What is being asked: Quote the lines below from the one containing "this 1280×960 image." to the final line, both ends included; exclude the pictures.

[Items from a data source]
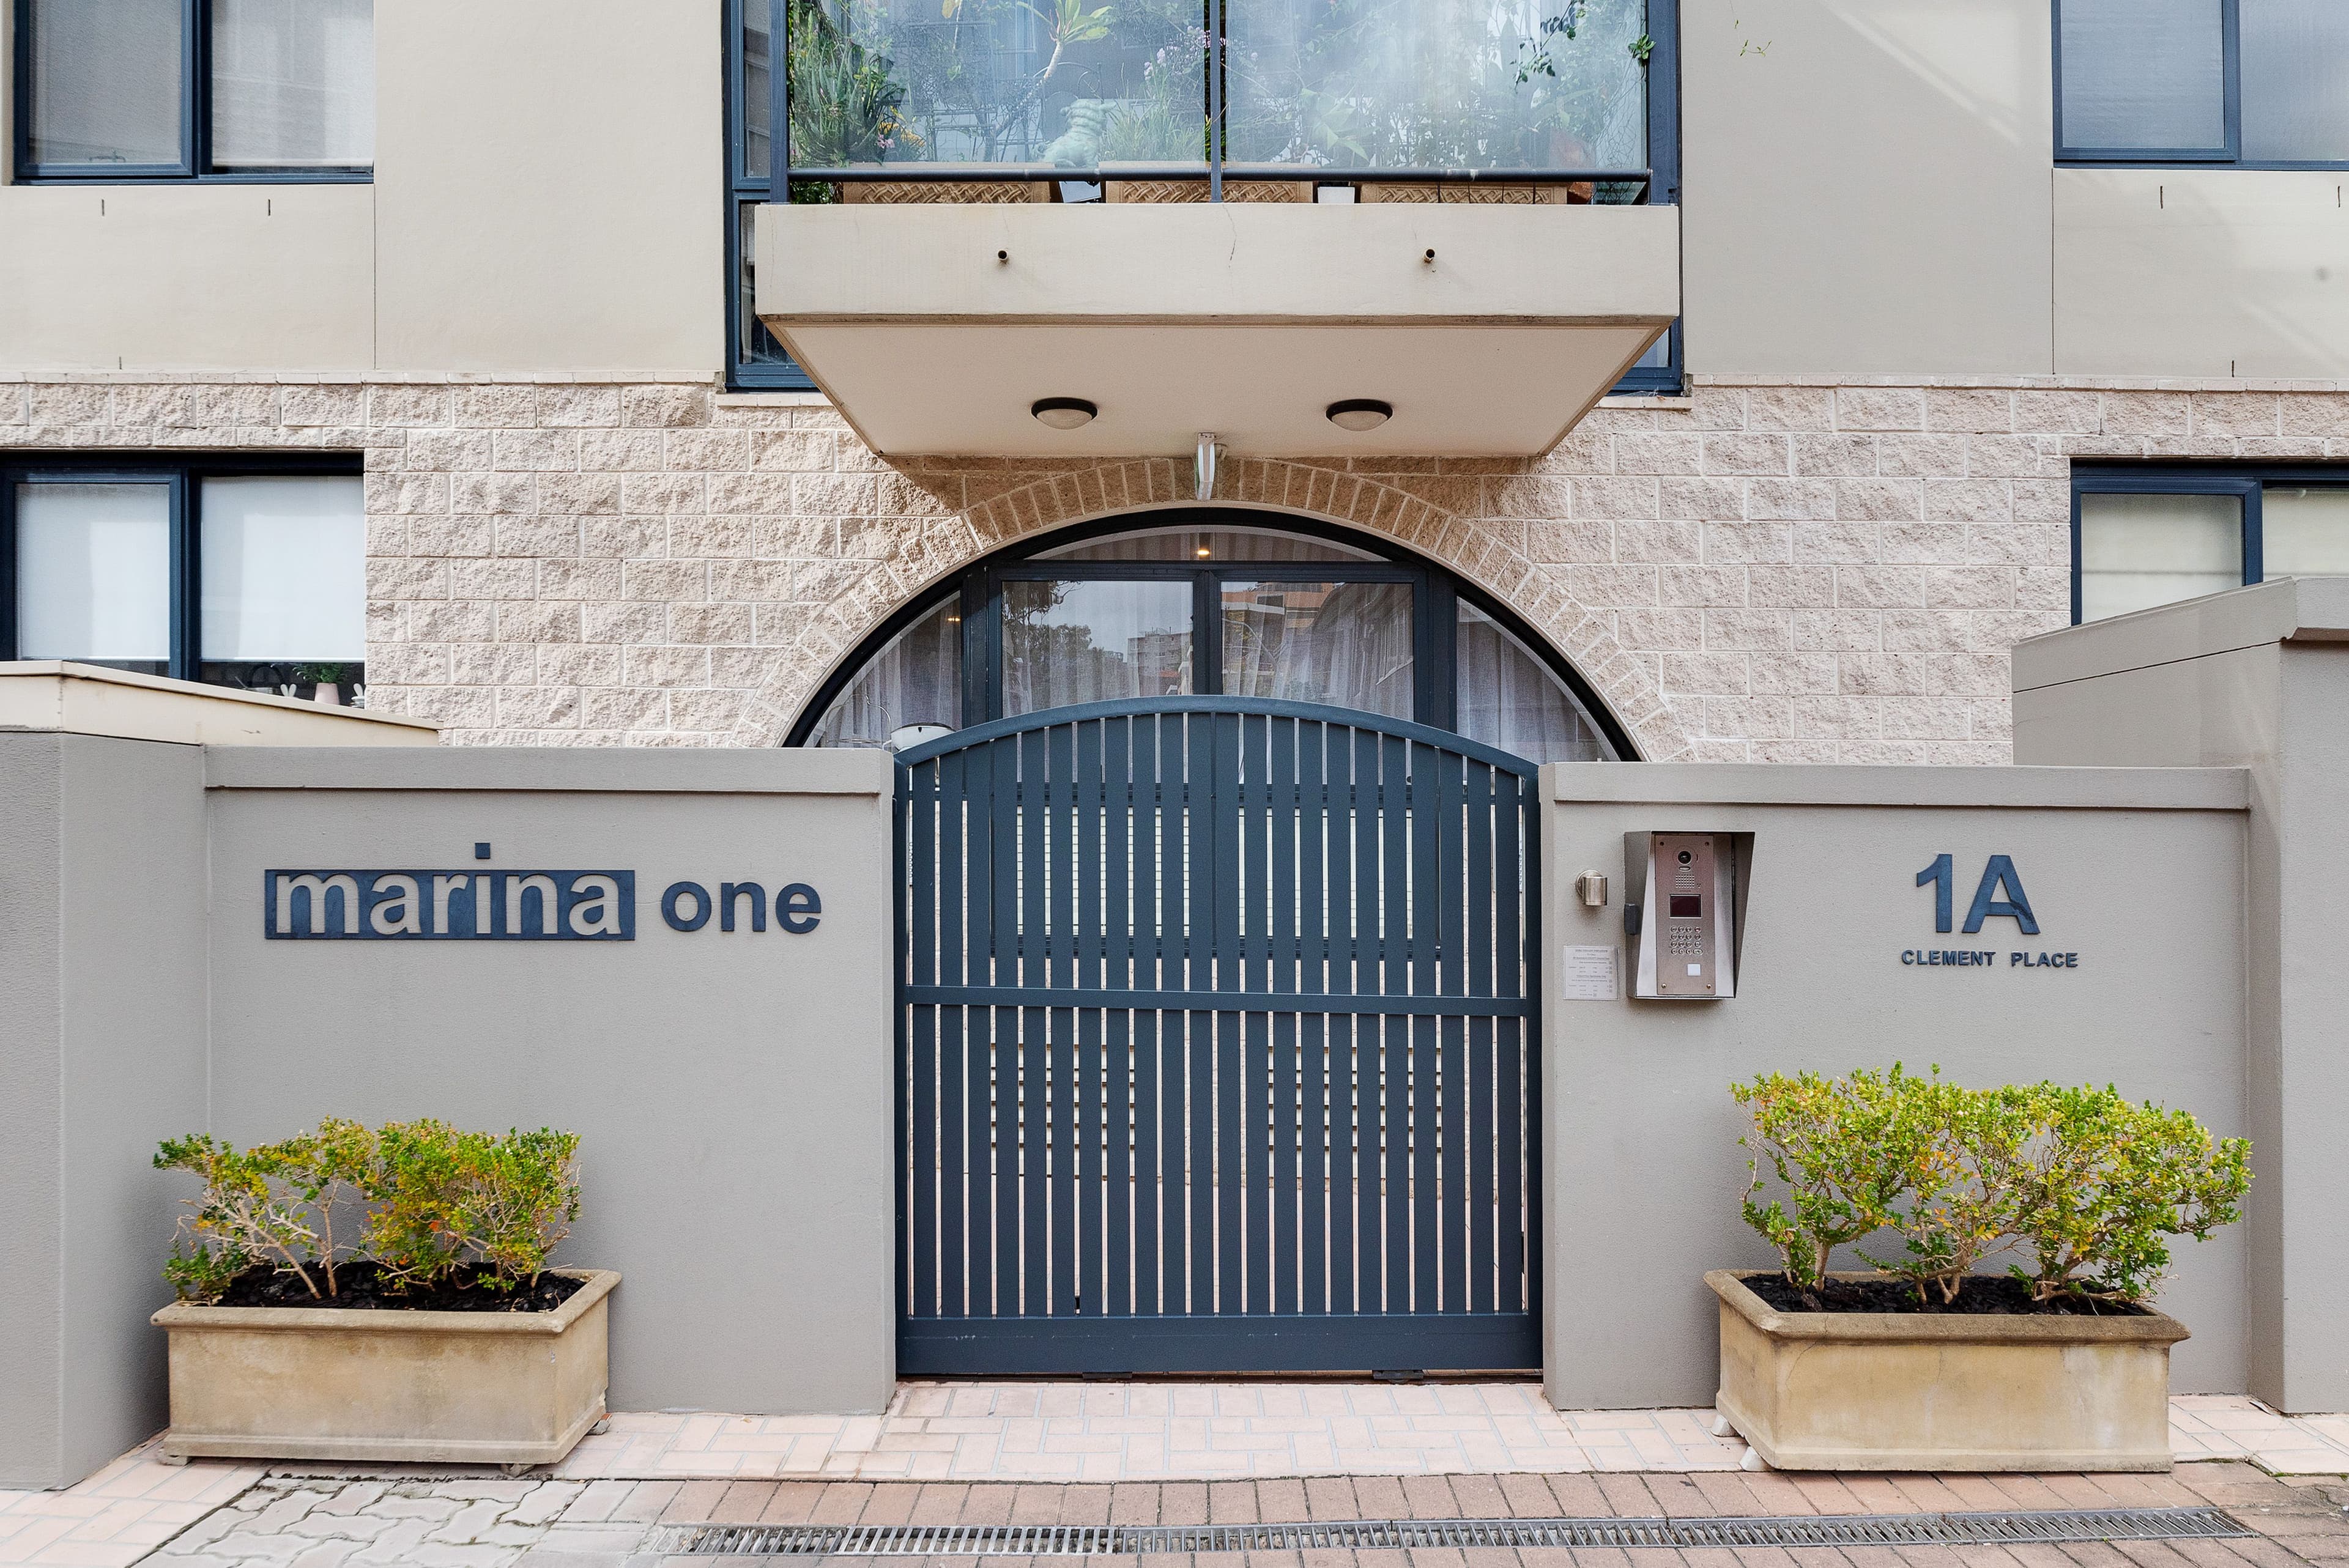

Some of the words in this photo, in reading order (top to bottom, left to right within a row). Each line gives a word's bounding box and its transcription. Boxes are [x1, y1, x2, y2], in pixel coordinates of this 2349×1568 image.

[273, 841, 623, 936] marina
[661, 881, 822, 934] one
[1916, 853, 2041, 934] 1A
[1901, 949, 1997, 967] CLEMENT
[2011, 952, 2079, 968] PLACE
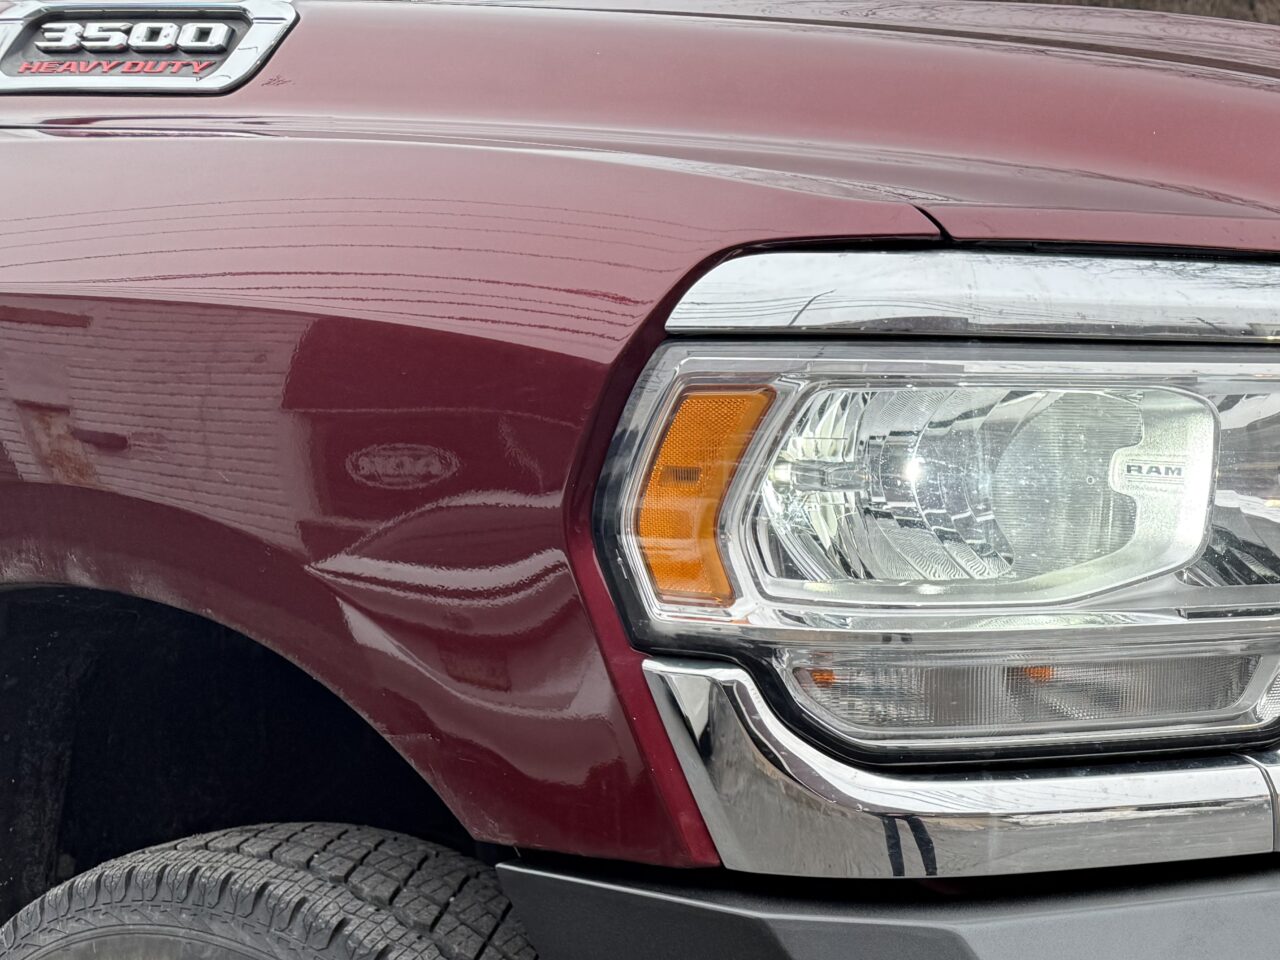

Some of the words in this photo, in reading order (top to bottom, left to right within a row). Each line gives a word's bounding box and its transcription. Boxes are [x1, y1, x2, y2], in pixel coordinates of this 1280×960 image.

[33, 22, 236, 52] 3500
[18, 60, 121, 74] HEAVY
[118, 60, 217, 75] DUTY
[1126, 464, 1183, 476] RAM
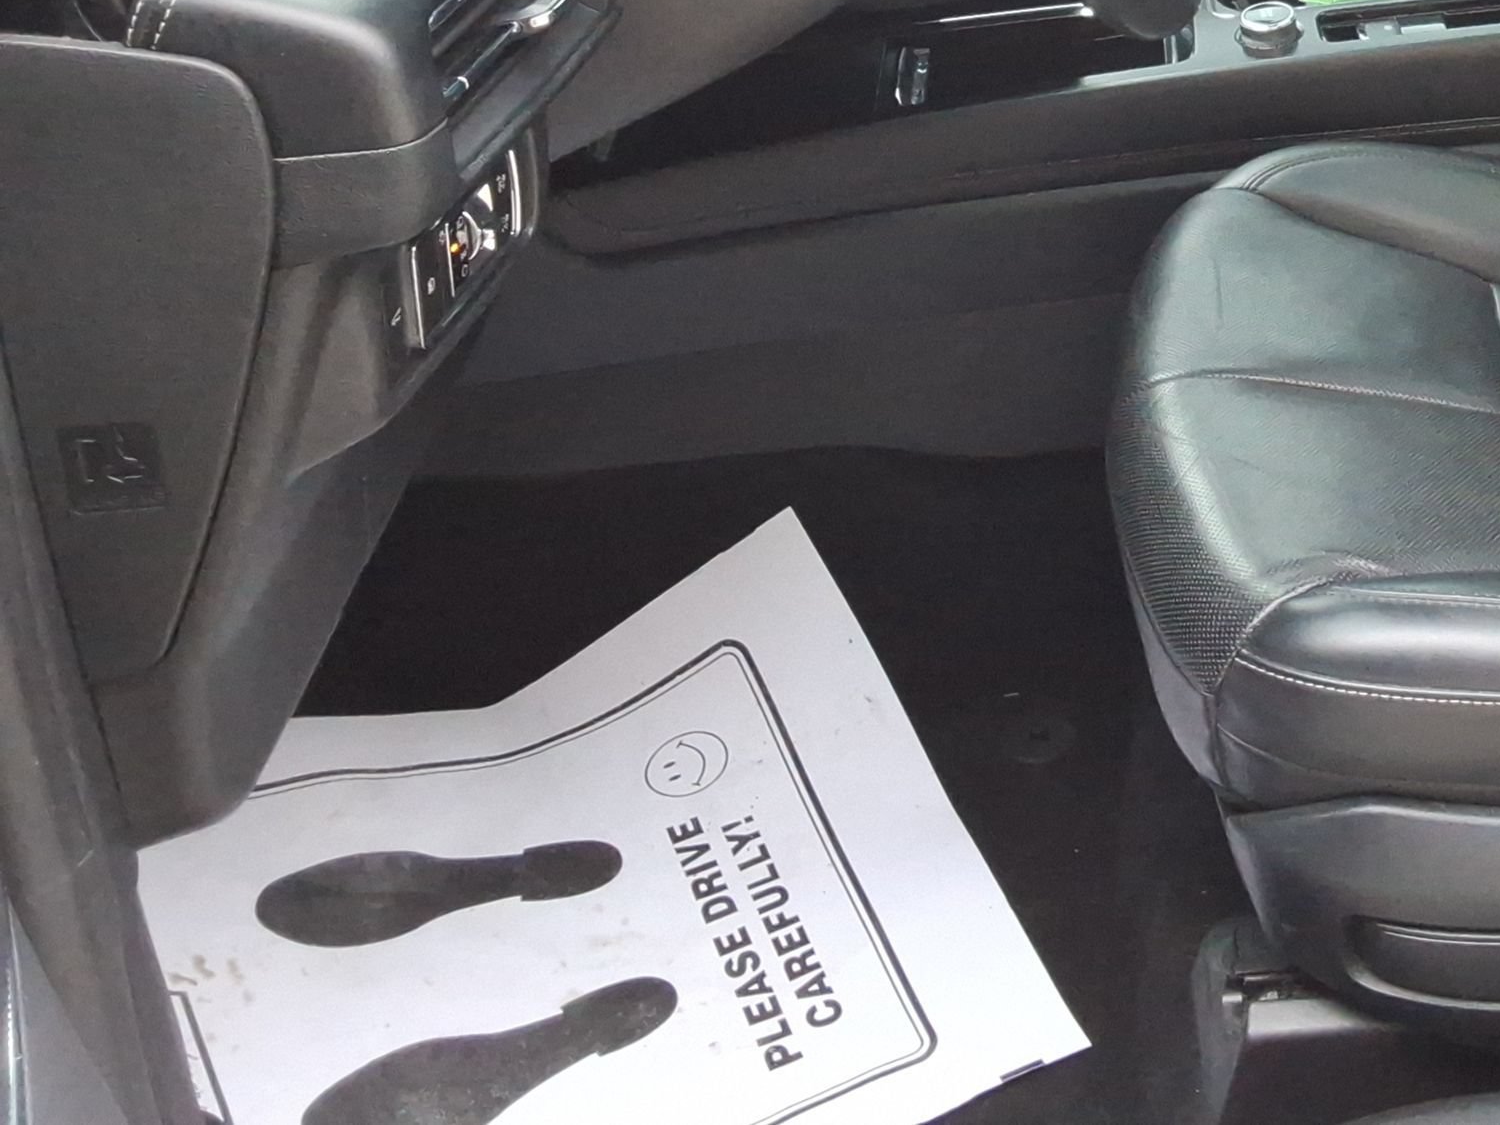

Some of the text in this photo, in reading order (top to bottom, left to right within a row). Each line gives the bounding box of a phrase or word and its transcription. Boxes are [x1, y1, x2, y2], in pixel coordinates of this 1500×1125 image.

[666, 816, 803, 1071] PLEASE DRIVE
[720, 815, 843, 1028] CAREFULLY!

Answer:
Some of the words in this photo, in reading order (top to bottom, left to right within a row). Each line gives a word's bounding box and its transcription. Boxes are [x1, y1, x2, y2], in pixel coordinates of this 1280×960 image.

[33, 22, 236, 52] 3500
[18, 60, 121, 74] HEAVY
[118, 60, 217, 75] DUTY
[1126, 464, 1183, 476] RAM

Some of the text in this photo, in reading order (top to bottom, left to right within a row). Each line gives the bounding box of a phrase or word and its transcription. Boxes are [x1, y1, x2, y2], in pixel coordinates of this 1500×1125 image.

[666, 816, 803, 1071] PLEASE DRIVE
[720, 815, 843, 1028] CAREFULLY!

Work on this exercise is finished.